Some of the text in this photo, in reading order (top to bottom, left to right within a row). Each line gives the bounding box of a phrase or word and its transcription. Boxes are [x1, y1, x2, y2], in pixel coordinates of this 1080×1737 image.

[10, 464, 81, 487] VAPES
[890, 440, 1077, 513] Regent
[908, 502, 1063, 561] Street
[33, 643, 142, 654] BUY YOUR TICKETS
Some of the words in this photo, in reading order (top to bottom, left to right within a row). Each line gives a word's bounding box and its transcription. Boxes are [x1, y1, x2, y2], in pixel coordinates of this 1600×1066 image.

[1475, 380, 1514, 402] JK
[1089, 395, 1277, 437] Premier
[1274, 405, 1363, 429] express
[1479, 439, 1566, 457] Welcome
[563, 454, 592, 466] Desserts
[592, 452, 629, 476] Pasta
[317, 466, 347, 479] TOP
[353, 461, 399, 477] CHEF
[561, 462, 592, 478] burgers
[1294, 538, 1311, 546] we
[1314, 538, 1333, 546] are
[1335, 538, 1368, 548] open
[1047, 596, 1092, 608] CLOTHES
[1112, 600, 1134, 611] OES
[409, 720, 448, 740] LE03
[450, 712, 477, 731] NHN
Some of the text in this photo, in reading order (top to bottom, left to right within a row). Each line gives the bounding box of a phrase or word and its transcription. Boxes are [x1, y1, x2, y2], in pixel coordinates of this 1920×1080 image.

#### [What is being asked]
Copy every line above without changes.

#### [Solution to the problem]
Some of the text in this photo, in reading order (top to bottom, left to right within a row). Each line gives the bounding box of a phrase or word and its transcription. Boxes are [x1, y1, x2, y2], in pixel coordinates of this 1080×1737 image.

[10, 464, 81, 487] VAPES
[890, 440, 1077, 513] Regent
[908, 502, 1063, 561] Street
[33, 643, 142, 654] BUY YOUR TICKETS
Some of the words in this photo, in reading order (top to bottom, left to right within a row). Each line gives a word's bounding box and its transcription. Boxes are [x1, y1, x2, y2], in pixel coordinates of this 1600×1066 image.

[1475, 380, 1514, 402] JK
[1089, 395, 1277, 437] Premier
[1274, 405, 1363, 429] express
[1479, 439, 1566, 457] Welcome
[563, 454, 592, 466] Desserts
[592, 452, 629, 476] Pasta
[317, 466, 347, 479] TOP
[353, 461, 399, 477] CHEF
[561, 462, 592, 478] burgers
[1294, 538, 1311, 546] we
[1314, 538, 1333, 546] are
[1335, 538, 1368, 548] open
[1047, 596, 1092, 608] CLOTHES
[1112, 600, 1134, 611] OES
[409, 720, 448, 740] LE03
[450, 712, 477, 731] NHN
Some of the text in this photo, in reading order (top to bottom, left to right within a row). Each line gives the bounding box of a phrase or word and its transcription. Boxes are [x1, y1, x2, y2], in pixel coordinates of this 1920×1080 image.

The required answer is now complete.